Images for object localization
------------------------------------

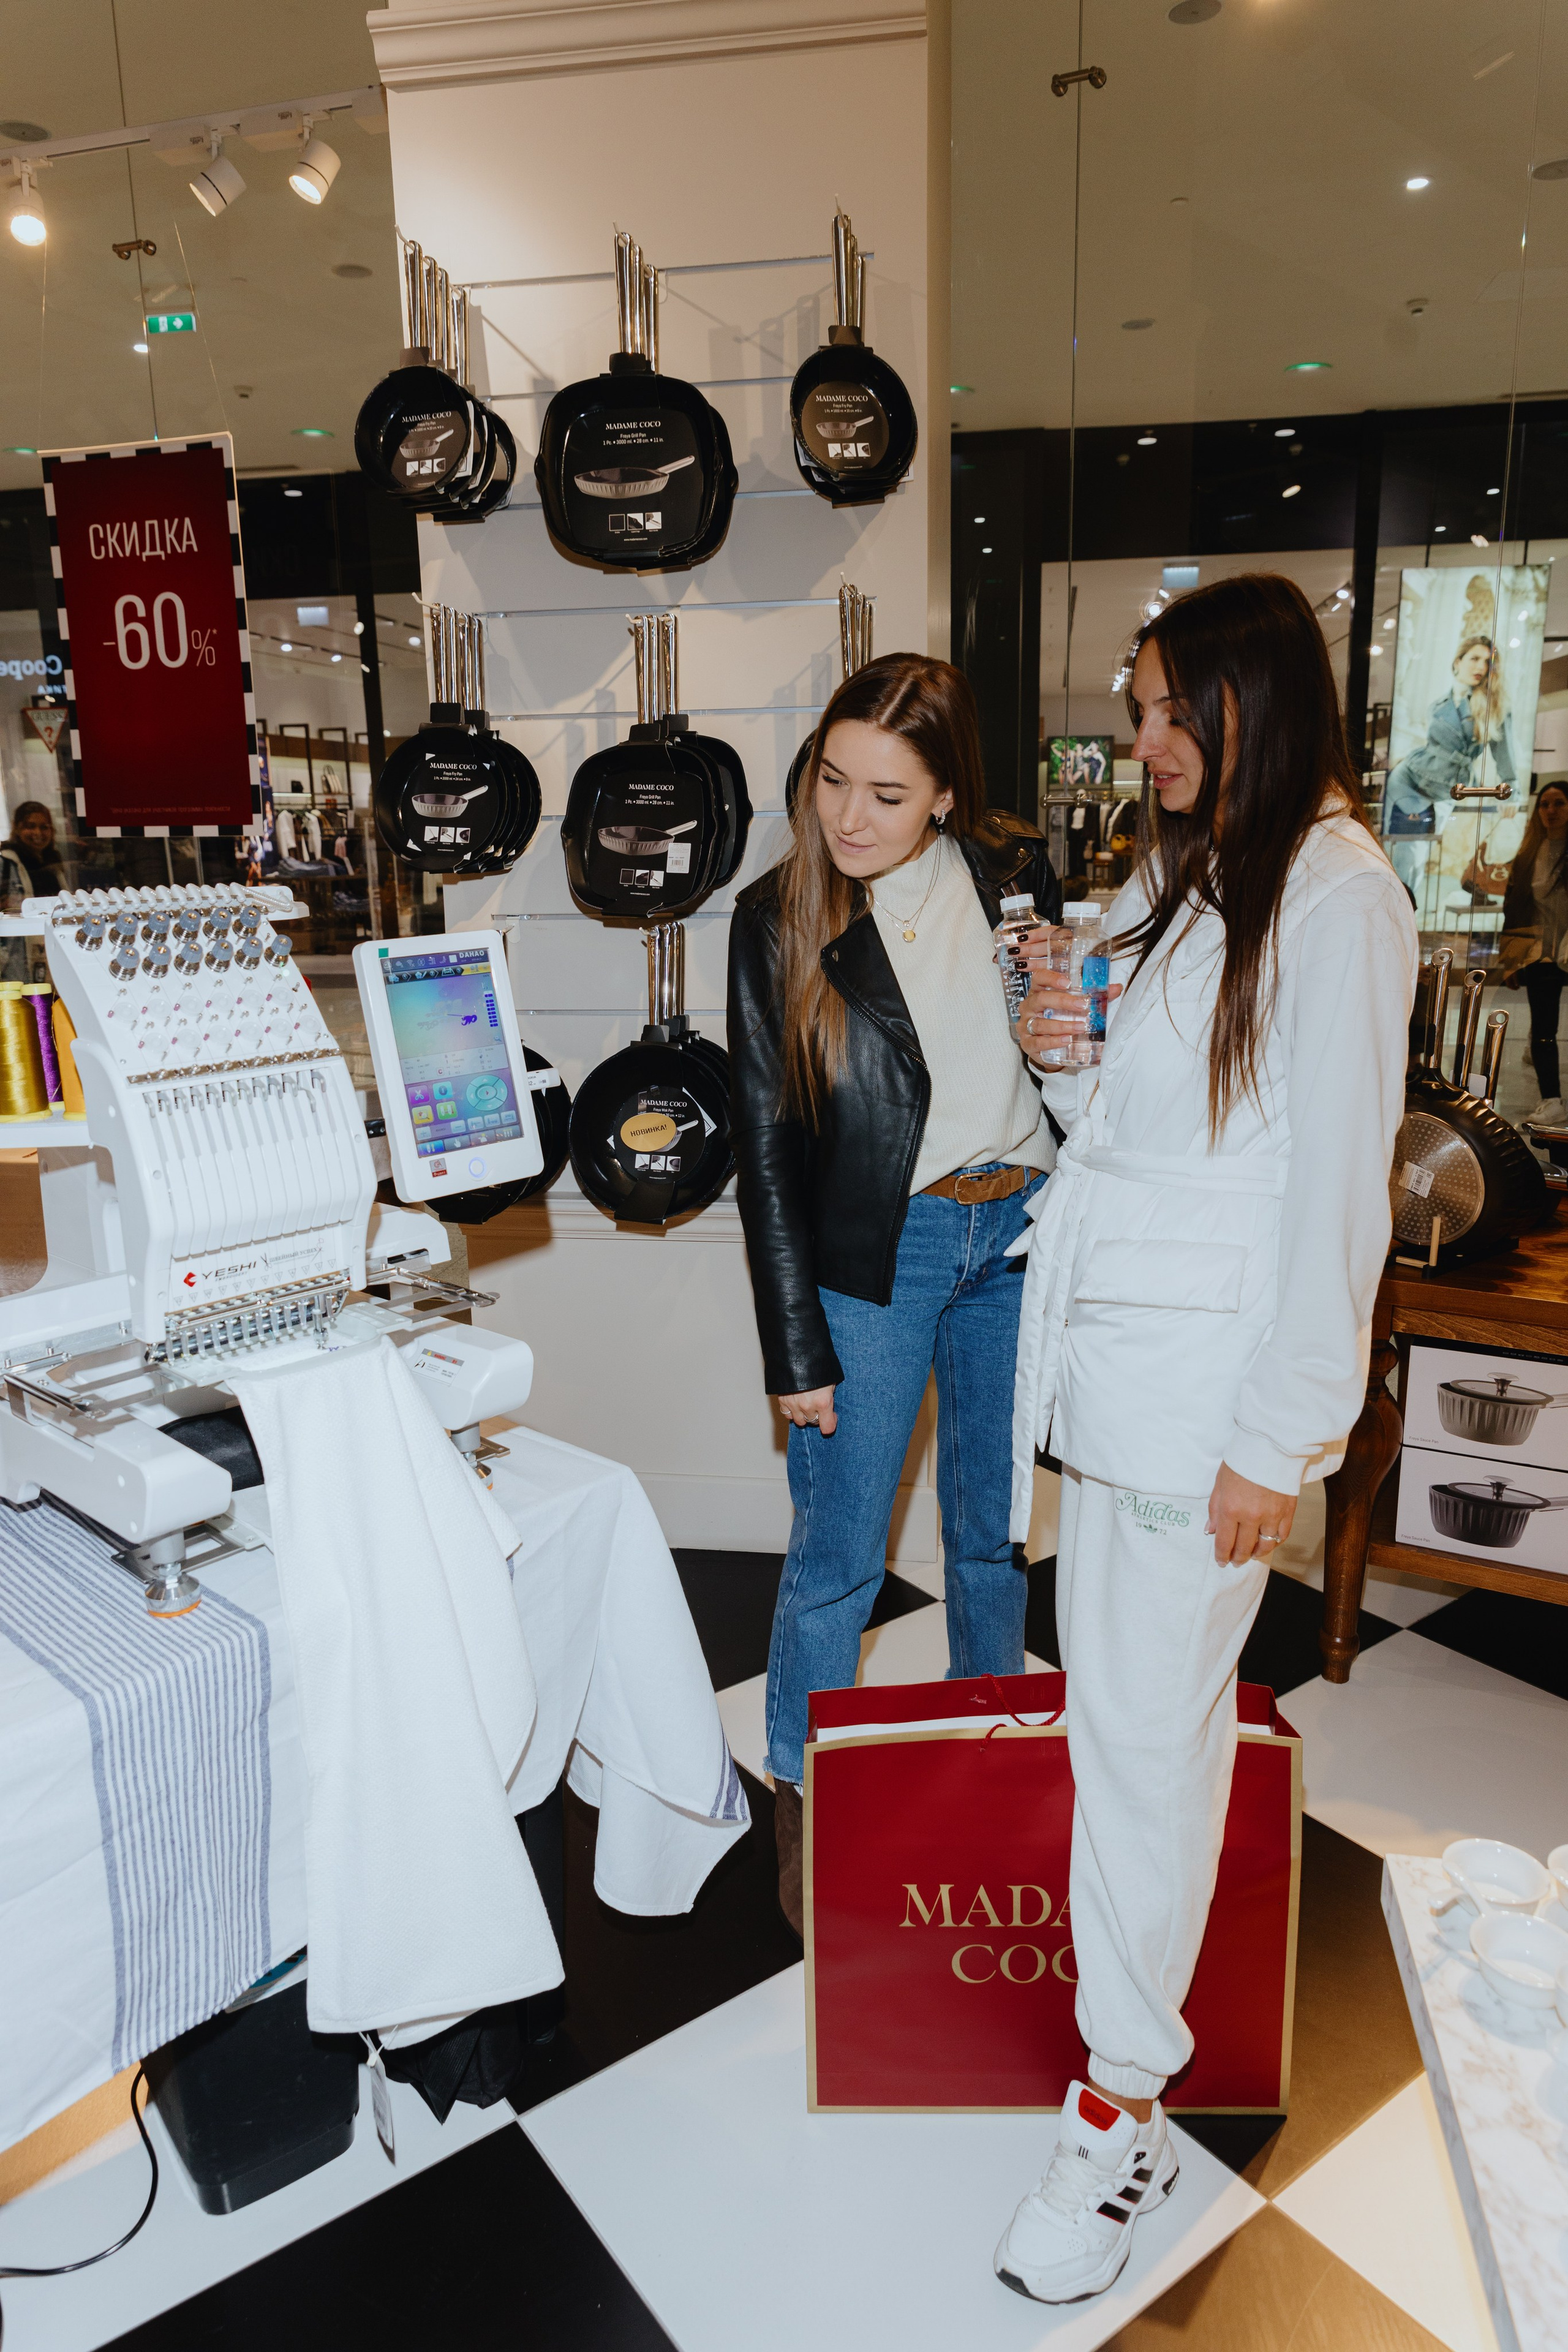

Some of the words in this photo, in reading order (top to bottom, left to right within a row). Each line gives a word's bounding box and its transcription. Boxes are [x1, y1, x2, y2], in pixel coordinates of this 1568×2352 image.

[402, 413, 431, 423] MADAME
[432, 411, 451, 420] COCO
[89, 517, 198, 562] СКИДКА
[630, 1125, 667, 1137] НОВИНКА!
[202, 1261, 257, 1280] YESHI
[1115, 1492, 1191, 1527] Adidas
[1131, 1512, 1158, 1524] ATHLETICS

------------------------------------

**Work instruction**
Nothing may be altered when you restate the records, but every picture must be dropped.

**Solution below**
Some of the words in this photo, in reading order (top to bottom, left to right within a row). Each line gives a word's bounding box and its transcription. Boxes are [x1, y1, x2, y2], in pixel coordinates of this 1568×2352 image.

[402, 413, 431, 423] MADAME
[432, 411, 451, 420] COCO
[89, 517, 198, 562] СКИДКА
[630, 1125, 667, 1137] НОВИНКА!
[202, 1261, 257, 1280] YESHI
[1115, 1492, 1191, 1527] Adidas
[1131, 1512, 1158, 1524] ATHLETICS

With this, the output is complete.